Comme nous pouvons malgré tout réfléchir pendant les tours adverses et qu’il n’y a qu’une action par tour, les choses s’enchaînent vite et nous ne voyons pas le temps passé. L’équilibre est également très plaisant entre planifications (et les réflexions qui vont avec) et actions qui s’imposent ensuite à tel ou tel moment du jeu.
Comme deux avis valent mieux qu’un, et en attendant celui de Monsieur Phal, voici celui du Docteur Mops :
Queen’s Architect ne va pas étonner les vieux briscards du jeu d’ouvriers bien qu’ici le placement soit du déplacement. On y retrouve un système de roues qui va faire de nos ouvriers des travailleurs assez irréguliers. On ne s’embête jamais avec eux ! C’est d’ailleurs un des points cruciaux du jeu que de savoir s’il vaut mieux les requinquer à l’auberge ou les virer comme des malpropres pour en embaucher des neufs.
Si le jeu ne brille ni par son ramage ni son plumage c’est au cœur des parties que le plaisir nait réellement. Les planificateurs et les optimisateurs seront aux anges. Il y a toujours quelque chose à faire et l’on saisit bien que chaque action compte. Avec des joueurs de mêmes niveaux, les scores seront au final très serrés. Le « une action par tour » permet une fluidité des parties. Certains coups seront automatiques mais d’autres seront l’objet d’un casse-tête jouissif pour savoir quoi faire et dans quel ordre ? Comme souvent dans ce type de jeu, l’interaction se limite à une course aux points de victoire. L’apparition de nouveaux ouvriers sera à surveiller pour ne pas laisser de trop bonnes opportunités aux adversaires mais c’est surtout sur le plateau que va se jouer la bousculade. Construire dans un lieu en premier est important car ensuite les malus seront très sensibles. Une bonne reine !
Bref, une bonne pioche pour ce Queen’s Architect qui pourrait même sembler tailler pour un prix, ce que nous verrons dans quelques mois. En attendant, retrouvez l’explication et la partie dans nos TTTV et vous verrez qu’à la course aux constructions, il ne suffit pas d’architecturer des plans pour emporter la reine… Quoique ?!?

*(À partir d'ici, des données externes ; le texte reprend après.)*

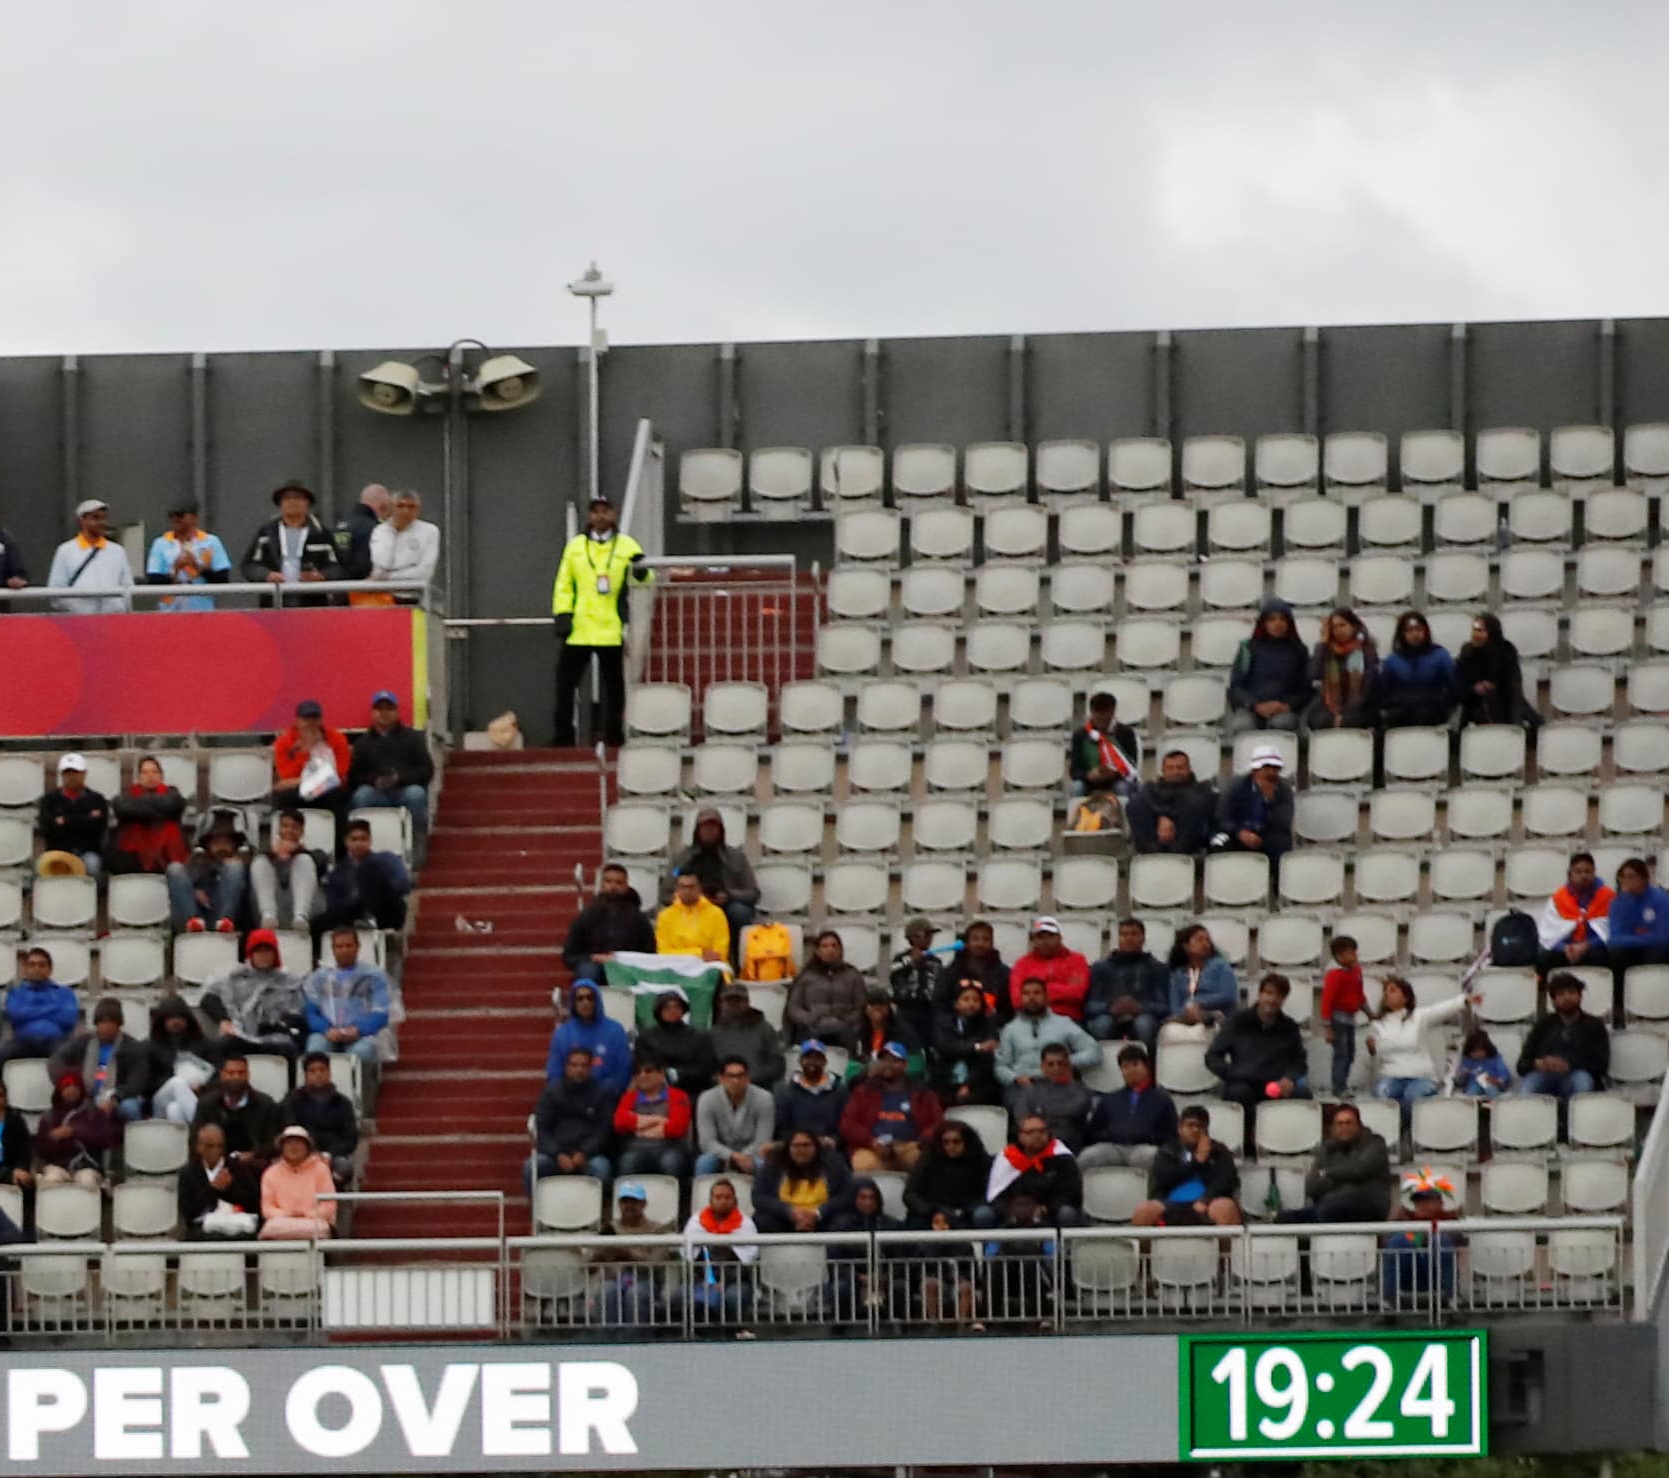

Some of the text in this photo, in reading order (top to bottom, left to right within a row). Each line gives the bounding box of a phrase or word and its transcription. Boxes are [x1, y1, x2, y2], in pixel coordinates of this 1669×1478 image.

► De l’explication pour savoir y jouer en lisant malgré tout les règles… on ne sait jamais !
► De la partie pour voir ce que ça donne et faire des paris sur le gagnant… ou pas !
Queen’s Architect
Un jeu de Volker Schächtele
Illustré par Dennis Lohausen
Publié par Queen Games
2 à 4 joueurs
A partir de 10 ans
Langue des règles: Française, Allemande
Durée: 60 minutes
Prix: 42,99 €
[Alhambra][Antique][Fresco][Industria][Jenseits von Theben][Kingdom Builder][La route du verre][Queen’s Architect][Serengeti][Wallenstein]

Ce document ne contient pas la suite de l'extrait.